FAA Publishes Final Rule On Use Of Certain Portable Oxygen Devices Onboard Aircraft

Yesterday the FAA published a Final Rule on the "Use of Certain Portable Oxygen Concentrator Devices Onboard Aircraft". The rule creates a Special Federal Aviation Regulation (SFAR) which sets out the conditions under which aircraft passengers will be permitted to use certain portable oxygen concentrator (POC) devices on aircraft. The SFAR includes a POC preparation requirement for carry-on baggage transport, and a battery-packaging standard necessary for the safe carriage of extra POC batteries in carry-on baggage.

The SFAR allows the use of the AirSep Lifestyle or Inogen One Portable Oxygen Concentrator medical device units and no others. It is important to note that the SFAR does not require an aircraft operator to allow passengers to operate these devices onboard, but if an aircraft operator chooses to allow a passenger to operate these devices onboard the aircraft operator's aircraft the conditions in the SFAR must be met.

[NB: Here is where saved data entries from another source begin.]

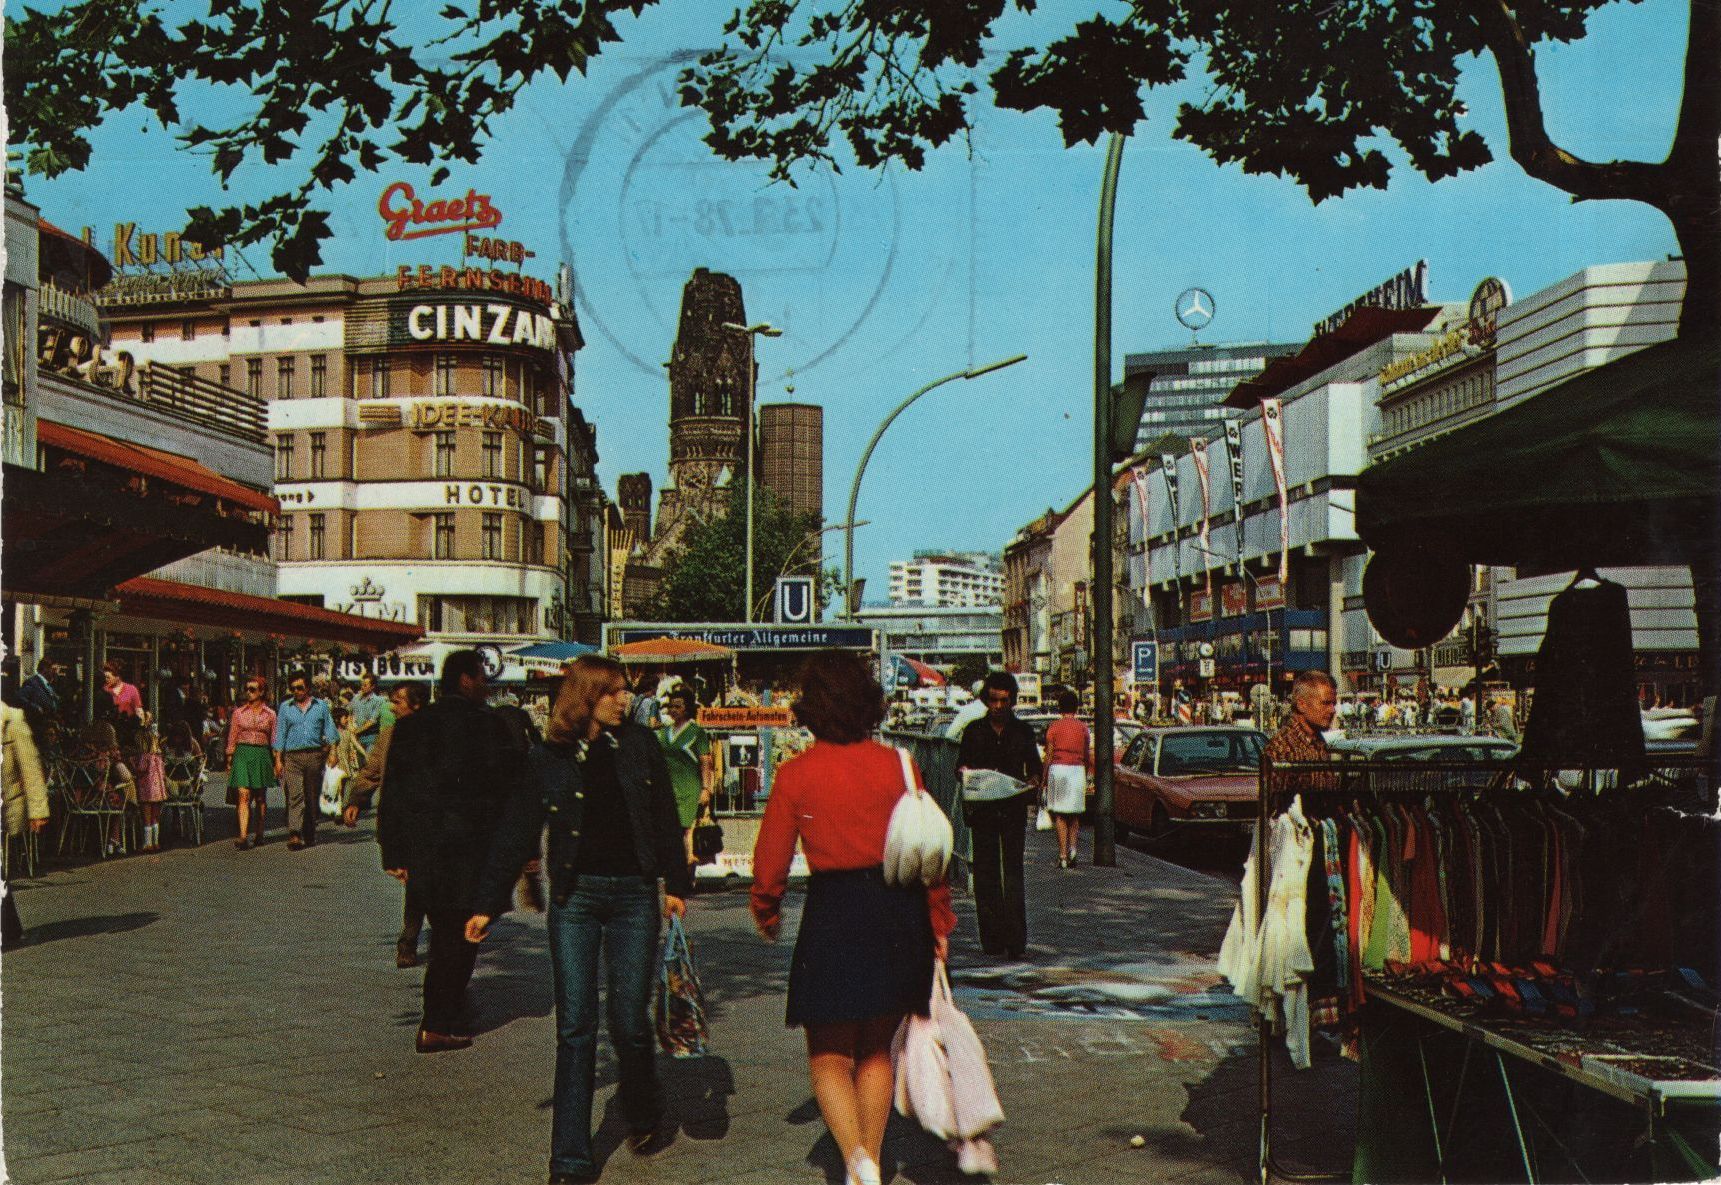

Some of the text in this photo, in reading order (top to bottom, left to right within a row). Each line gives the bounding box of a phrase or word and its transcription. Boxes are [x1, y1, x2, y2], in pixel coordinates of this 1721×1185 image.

[378, 182, 503, 241] Graetz
[465, 235, 536, 265] FARB-
[444, 484, 524, 508] HOTEL
[783, 584, 808, 621] U
[750, 630, 829, 650] Allgemeine
[1138, 647, 1152, 667] P
[1380, 652, 1391, 669] U
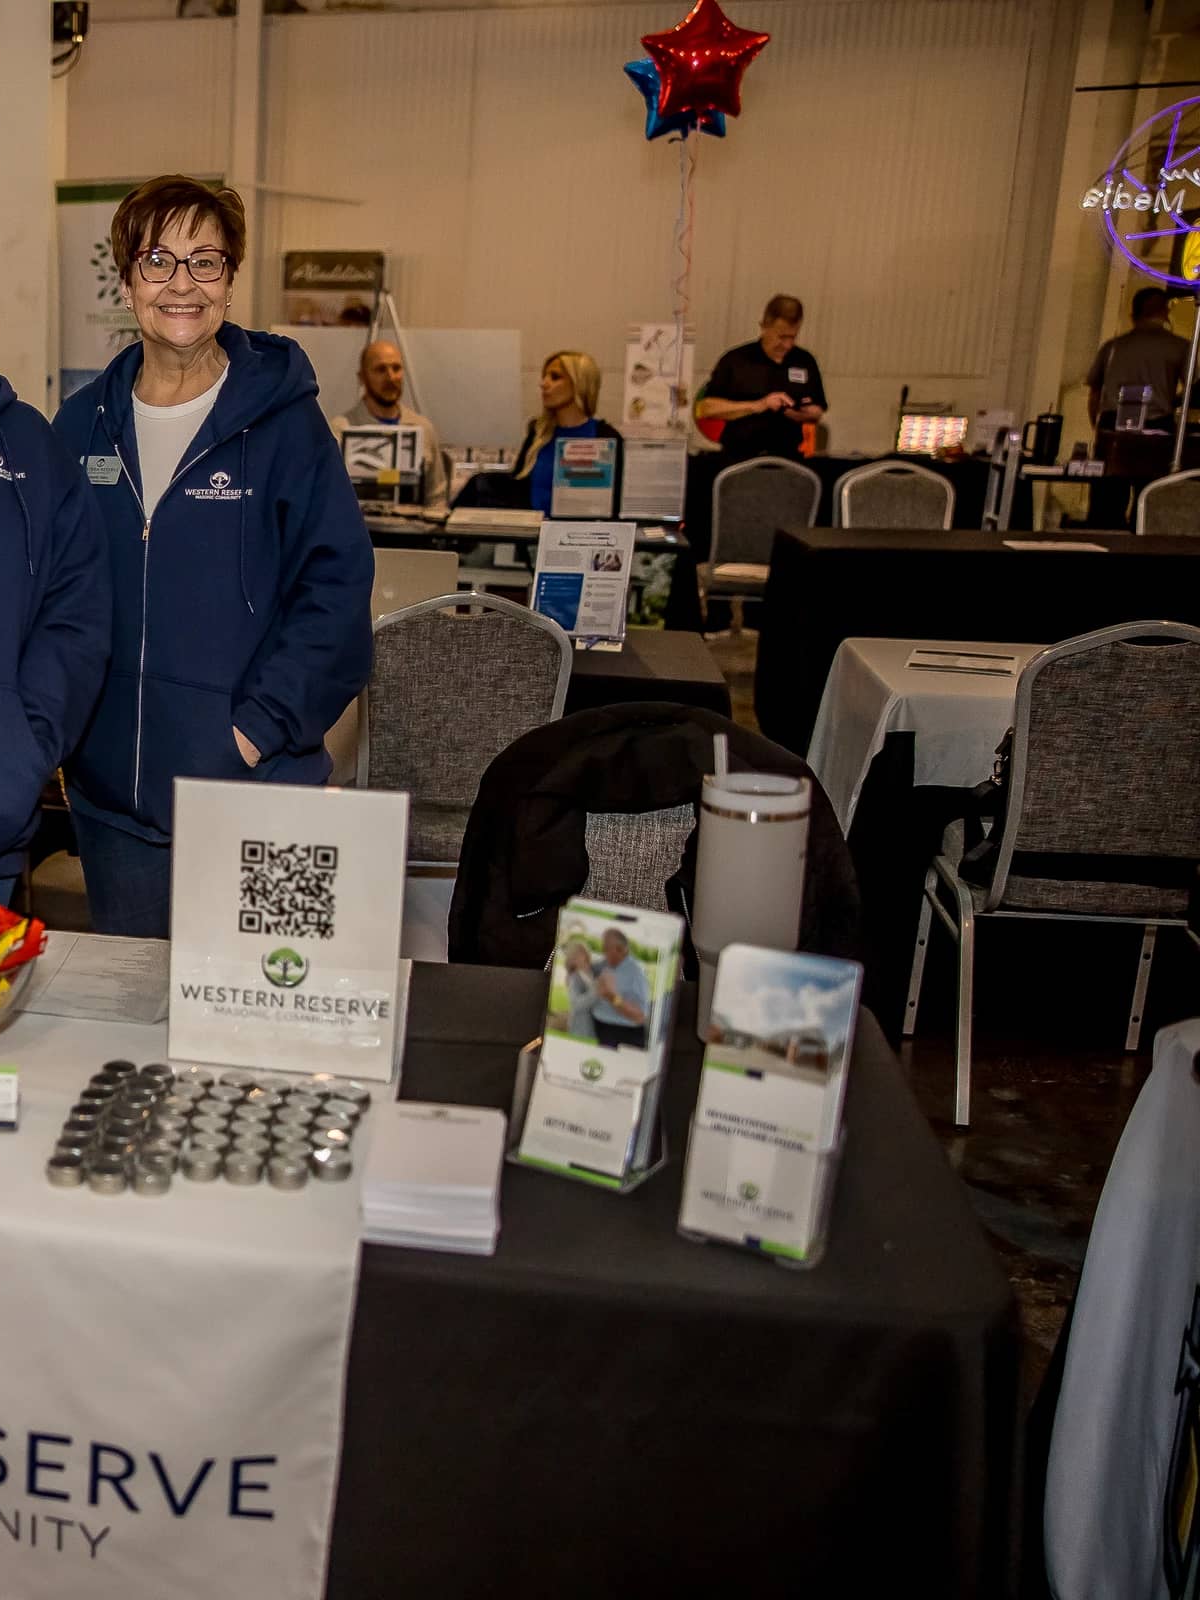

The SFAR becomes effective August 11, 2005. For further information, you should read the Final Rule in its entirety or you can contact David L. Catey, Air Transportation Division, AFS-200, Federal Aviation Administration, 800 Independence Avenue SW., Washington, DC 20591; telephone (202) 267-3732.

Posted by Greg

July 05, 2005

The List Is Long....

Have you ever wondered exactly who the U.S. Government considers to be terrorists? Of course we have all heard about Al Qaida, the IRA and several of the other more commonly known terrorist organizations. However, these are but a few of the multitude of individuals and organizations that the U.S. government believes are engaged in terrorist activities. If you are curious, you can review a list published by the U.S. Department of Treasury last Friday in the Federal Register. The List, titled "Alphabetical Listing of Blocked Persons, Specially Designated Nationals, Specially Designated Terrorists, Specially Designated Global Terrorists, Foreign Terrorist Organizations, and Specially Designated Narcotics Traffickers", reflects the names of individuals and entities subject to the various economic sanctions programs administered by the Treasury's Office of Foreign Assets Control. The List is long and hardly distinguished. It includes the more "infamous" names, as well as many others, and makes for interesting reading. Lots of "a.k.a.'s".

Although I have not seen the government's "no-fly" list, I would expect to see the same individuals appearing on the U.S. Department of Treasury's list on the "no-fly" list as well. The List is current as of June 23, 2005.